# Stingray X Infinite Clone at Sir Vape



## Sir Vape (17/12/14)

So many requests and now we finally have them in stock. Super stoked 




STINGRAY X BY INFINITE 

Clone is made by Infinite
Copper Body wrapped with polished 304 steel 
Copper Top Cap wrapped with 304 stainless steel with floating pin and vent holes
Locking Ring polished 304 stainless steel - 3 entry threading for one locking motion
Adjustable Battery Contact - copper and silver plated 
Bottom cap with ring made of 304 stainless
Adjustable Magnetic Switch 
Includes Stingray drip tip

Get it here:
http://www.sirvape.co.za/collections/mech-mods/products/stingray-x-mod-clone

Reactions: Like 1


----------



## JakesSA (17/12/14)

Work of art, if I may say so ..

Reactions: Agree 1


----------



## VandaL (18/12/14)

Makes me want another one, but I think two of the same mod should be a limit


----------



## Marzuq (18/12/14)

Sir Vape said:


> So many requests and now we finally have them in stock.

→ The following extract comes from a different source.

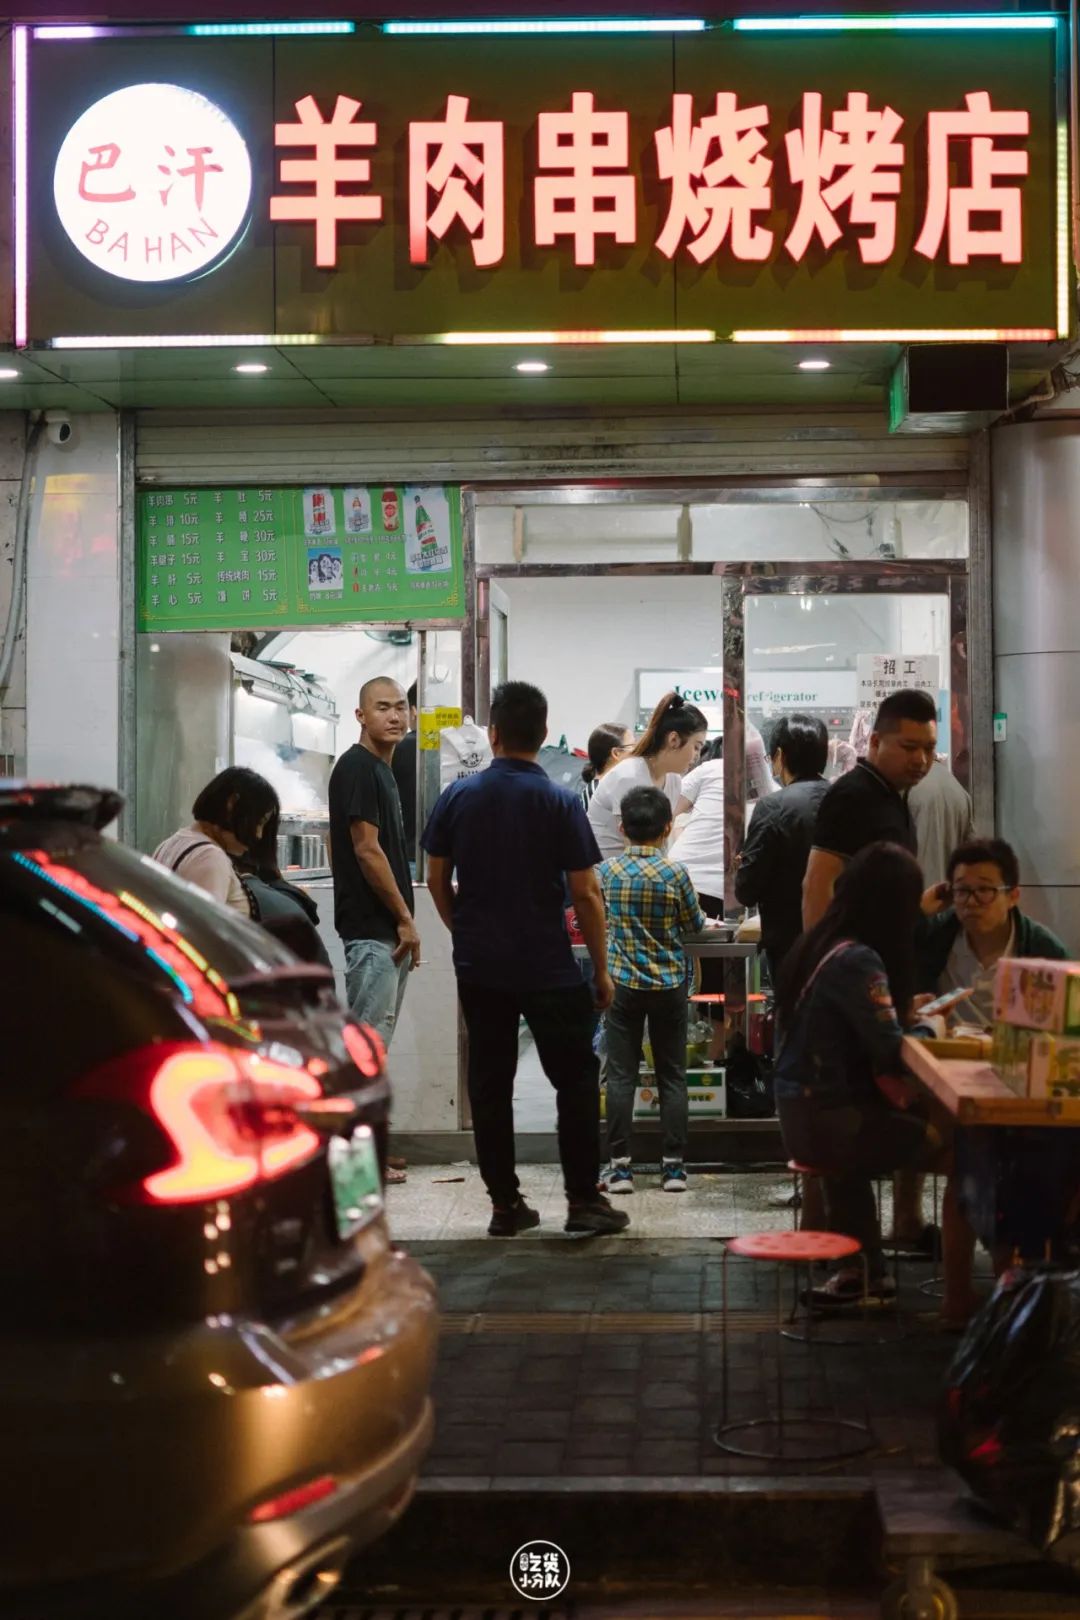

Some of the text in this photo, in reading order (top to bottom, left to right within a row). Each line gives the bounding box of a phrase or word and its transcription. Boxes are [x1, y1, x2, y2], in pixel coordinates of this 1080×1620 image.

Super stoked
> 
> View attachment 17701
> 
> ...


now that is pretty. 
craftsmanship looks good. I like the engravings and then you also get a stingray drip with it.
Well priced

Reactions: Like 1


----------



## Sir Vape (18/12/14)

VandaL said:


> Makes me want another one, but I think two of the same mod should be a limit



But it's an Infinite mate


----------



## Daniel (18/12/14)

PM sent , ogh you okes are killing me ...

Reactions: Like 1


----------



## Al3x (18/12/14)

VandaL said:


> Makes me want another one, but I think two of the same mod should be a limit


I know what you mean the only mech mods I own are 2 stingray 's 1 black and 1 ss but this deal is still making me consider getting a spare


----------



## VandaL (18/12/14)

Al3x said:


> I know what you mean the only mech mods I own are 2 stingray 's 1 black and 1 ss but this deal is still making me consider getting a spare


There are 124125125 mechs on the market, I've only had stingrays and I enjoy them. Everything adjusts itself, pretty easy to clean, hits just as hard as a copper mod with the benefit of of having a stainless look.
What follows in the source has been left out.